··· AVAILABLE DATA ···

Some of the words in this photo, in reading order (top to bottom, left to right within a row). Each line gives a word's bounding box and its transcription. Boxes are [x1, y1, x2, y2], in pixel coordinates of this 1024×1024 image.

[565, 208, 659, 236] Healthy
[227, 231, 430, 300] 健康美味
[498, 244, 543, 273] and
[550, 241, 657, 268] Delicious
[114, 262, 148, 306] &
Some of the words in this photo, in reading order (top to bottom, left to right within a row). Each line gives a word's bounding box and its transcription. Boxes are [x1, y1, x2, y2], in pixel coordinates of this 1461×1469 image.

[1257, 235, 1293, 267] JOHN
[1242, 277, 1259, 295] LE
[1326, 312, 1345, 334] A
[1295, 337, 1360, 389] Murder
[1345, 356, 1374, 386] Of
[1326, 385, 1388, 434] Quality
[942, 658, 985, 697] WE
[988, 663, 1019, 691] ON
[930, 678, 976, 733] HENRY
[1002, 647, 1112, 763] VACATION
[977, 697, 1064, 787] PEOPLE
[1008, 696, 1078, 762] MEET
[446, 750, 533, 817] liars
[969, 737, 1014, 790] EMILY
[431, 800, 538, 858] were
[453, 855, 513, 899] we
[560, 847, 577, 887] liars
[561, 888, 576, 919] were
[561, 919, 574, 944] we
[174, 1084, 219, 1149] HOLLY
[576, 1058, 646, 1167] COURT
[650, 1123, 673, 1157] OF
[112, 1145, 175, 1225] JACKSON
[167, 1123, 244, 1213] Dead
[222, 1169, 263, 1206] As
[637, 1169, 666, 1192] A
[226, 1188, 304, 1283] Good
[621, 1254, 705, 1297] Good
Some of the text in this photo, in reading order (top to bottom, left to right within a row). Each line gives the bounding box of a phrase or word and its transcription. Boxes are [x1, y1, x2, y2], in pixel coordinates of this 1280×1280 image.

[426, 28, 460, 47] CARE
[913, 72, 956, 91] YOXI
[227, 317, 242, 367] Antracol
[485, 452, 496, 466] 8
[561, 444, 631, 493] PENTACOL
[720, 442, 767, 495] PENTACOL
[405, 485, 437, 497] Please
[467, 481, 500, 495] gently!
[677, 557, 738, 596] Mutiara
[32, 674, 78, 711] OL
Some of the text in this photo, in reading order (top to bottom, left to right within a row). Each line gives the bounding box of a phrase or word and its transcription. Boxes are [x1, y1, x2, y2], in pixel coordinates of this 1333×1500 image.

···

TASK ITEM:
The expected output is the complete listing, word for word.

SOLUTION FOR THIS TASK:
Some of the words in this photo, in reading order (top to bottom, left to right within a row). Each line gives a word's bounding box and its transcription. Boxes are [x1, y1, x2, y2], in pixel coordinates of this 1024×1024 image.

[565, 208, 659, 236] Healthy
[227, 231, 430, 300] 健康美味
[498, 244, 543, 273] and
[550, 241, 657, 268] Delicious
[114, 262, 148, 306] &
Some of the words in this photo, in reading order (top to bottom, left to right within a row). Each line gives a word's bounding box and its transcription. Boxes are [x1, y1, x2, y2], in pixel coordinates of this 1461×1469 image.

[1257, 235, 1293, 267] JOHN
[1242, 277, 1259, 295] LE
[1326, 312, 1345, 334] A
[1295, 337, 1360, 389] Murder
[1345, 356, 1374, 386] Of
[1326, 385, 1388, 434] Quality
[942, 658, 985, 697] WE
[988, 663, 1019, 691] ON
[930, 678, 976, 733] HENRY
[1002, 647, 1112, 763] VACATION
[977, 697, 1064, 787] PEOPLE
[1008, 696, 1078, 762] MEET
[446, 750, 533, 817] liars
[969, 737, 1014, 790] EMILY
[431, 800, 538, 858] were
[453, 855, 513, 899] we
[560, 847, 577, 887] liars
[561, 888, 576, 919] were
[561, 919, 574, 944] we
[174, 1084, 219, 1149] HOLLY
[576, 1058, 646, 1167] COURT
[650, 1123, 673, 1157] OF
[112, 1145, 175, 1225] JACKSON
[167, 1123, 244, 1213] Dead
[222, 1169, 263, 1206] As
[637, 1169, 666, 1192] A
[226, 1188, 304, 1283] Good
[621, 1254, 705, 1297] Good
Some of the text in this photo, in reading order (top to bottom, left to right within a row). Each line gives the bounding box of a phrase or word and its transcription. Boxes are [x1, y1, x2, y2], in pixel coordinates of this 1280×1280 image.

[426, 28, 460, 47] CARE
[913, 72, 956, 91] YOXI
[227, 317, 242, 367] Antracol
[485, 452, 496, 466] 8
[561, 444, 631, 493] PENTACOL
[720, 442, 767, 495] PENTACOL
[405, 485, 437, 497] Please
[467, 481, 500, 495] gently!
[677, 557, 738, 596] Mutiara
[32, 674, 78, 711] OL
Some of the text in this photo, in reading order (top to bottom, left to right within a row). Each line gives the bounding box of a phrase or word and its transcription. Boxes are [x1, y1, x2, y2], in pixel coordinates of this 1333×1500 image.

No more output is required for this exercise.